— What the task asks —
Repeat all entries exactly.

— Exercise material —
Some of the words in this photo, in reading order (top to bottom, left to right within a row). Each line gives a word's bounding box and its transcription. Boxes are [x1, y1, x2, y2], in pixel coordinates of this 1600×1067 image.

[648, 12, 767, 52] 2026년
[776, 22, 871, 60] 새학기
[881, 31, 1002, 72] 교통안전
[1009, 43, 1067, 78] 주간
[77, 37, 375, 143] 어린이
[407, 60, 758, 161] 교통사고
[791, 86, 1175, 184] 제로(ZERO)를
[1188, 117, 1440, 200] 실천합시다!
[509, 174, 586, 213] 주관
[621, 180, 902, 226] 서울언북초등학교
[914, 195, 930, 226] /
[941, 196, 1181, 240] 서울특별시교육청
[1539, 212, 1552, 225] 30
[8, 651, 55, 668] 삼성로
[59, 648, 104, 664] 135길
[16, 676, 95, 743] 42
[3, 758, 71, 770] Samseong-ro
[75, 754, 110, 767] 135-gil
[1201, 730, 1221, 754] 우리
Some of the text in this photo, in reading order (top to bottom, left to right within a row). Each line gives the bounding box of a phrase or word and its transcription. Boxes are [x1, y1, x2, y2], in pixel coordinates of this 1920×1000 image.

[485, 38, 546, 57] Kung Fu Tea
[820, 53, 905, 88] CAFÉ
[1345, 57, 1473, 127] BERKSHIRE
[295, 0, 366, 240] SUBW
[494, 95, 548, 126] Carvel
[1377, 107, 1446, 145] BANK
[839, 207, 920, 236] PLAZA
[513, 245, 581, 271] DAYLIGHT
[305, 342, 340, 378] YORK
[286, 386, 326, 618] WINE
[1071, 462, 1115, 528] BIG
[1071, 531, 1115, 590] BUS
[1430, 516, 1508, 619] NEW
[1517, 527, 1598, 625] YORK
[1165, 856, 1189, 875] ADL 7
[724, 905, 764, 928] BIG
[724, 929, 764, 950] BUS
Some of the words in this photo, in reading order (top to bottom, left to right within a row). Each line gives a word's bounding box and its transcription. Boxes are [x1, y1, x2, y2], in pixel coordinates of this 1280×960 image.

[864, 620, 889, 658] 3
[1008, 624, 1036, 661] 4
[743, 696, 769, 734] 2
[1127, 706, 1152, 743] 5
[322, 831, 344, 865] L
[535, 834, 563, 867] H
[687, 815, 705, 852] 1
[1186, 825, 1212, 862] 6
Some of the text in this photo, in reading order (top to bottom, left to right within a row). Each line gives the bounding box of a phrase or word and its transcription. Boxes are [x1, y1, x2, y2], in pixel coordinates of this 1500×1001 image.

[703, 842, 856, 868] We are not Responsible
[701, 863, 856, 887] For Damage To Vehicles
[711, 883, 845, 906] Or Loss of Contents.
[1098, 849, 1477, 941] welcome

— Exercise output —
Some of the words in this photo, in reading order (top to bottom, left to right within a row). Each line gives a word's bounding box and its transcription. Boxes are [x1, y1, x2, y2], in pixel coordinates of this 1600×1067 image.

[648, 12, 767, 52] 2026년
[776, 22, 871, 60] 새학기
[881, 31, 1002, 72] 교통안전
[1009, 43, 1067, 78] 주간
[77, 37, 375, 143] 어린이
[407, 60, 758, 161] 교통사고
[791, 86, 1175, 184] 제로(ZERO)를
[1188, 117, 1440, 200] 실천합시다!
[509, 174, 586, 213] 주관
[621, 180, 902, 226] 서울언북초등학교
[914, 195, 930, 226] /
[941, 196, 1181, 240] 서울특별시교육청
[1539, 212, 1552, 225] 30
[8, 651, 55, 668] 삼성로
[59, 648, 104, 664] 135길
[16, 676, 95, 743] 42
[3, 758, 71, 770] Samseong-ro
[75, 754, 110, 767] 135-gil
[1201, 730, 1221, 754] 우리
Some of the text in this photo, in reading order (top to bottom, left to right within a row). Each line gives the bounding box of a phrase or word and its transcription. Boxes are [x1, y1, x2, y2], in pixel coordinates of this 1920×1000 image.

[485, 38, 546, 57] Kung Fu Tea
[820, 53, 905, 88] CAFÉ
[1345, 57, 1473, 127] BERKSHIRE
[295, 0, 366, 240] SUBW
[494, 95, 548, 126] Carvel
[1377, 107, 1446, 145] BANK
[839, 207, 920, 236] PLAZA
[513, 245, 581, 271] DAYLIGHT
[305, 342, 340, 378] YORK
[286, 386, 326, 618] WINE
[1071, 462, 1115, 528] BIG
[1071, 531, 1115, 590] BUS
[1430, 516, 1508, 619] NEW
[1517, 527, 1598, 625] YORK
[1165, 856, 1189, 875] ADL 7
[724, 905, 764, 928] BIG
[724, 929, 764, 950] BUS
Some of the words in this photo, in reading order (top to bottom, left to right within a row). Each line gives a word's bounding box and its transcription. Boxes are [x1, y1, x2, y2], in pixel coordinates of this 1280×960 image.

[864, 620, 889, 658] 3
[1008, 624, 1036, 661] 4
[743, 696, 769, 734] 2
[1127, 706, 1152, 743] 5
[322, 831, 344, 865] L
[535, 834, 563, 867] H
[687, 815, 705, 852] 1
[1186, 825, 1212, 862] 6
Some of the text in this photo, in reading order (top to bottom, left to right within a row). Each line gives the bounding box of a phrase or word and its transcription. Boxes are [x1, y1, x2, y2], in pixel coordinates of this 1500×1001 image.

[703, 842, 856, 868] We are not Responsible
[701, 863, 856, 887] For Damage To Vehicles
[711, 883, 845, 906] Or Loss of Contents.
[1098, 849, 1477, 941] welcome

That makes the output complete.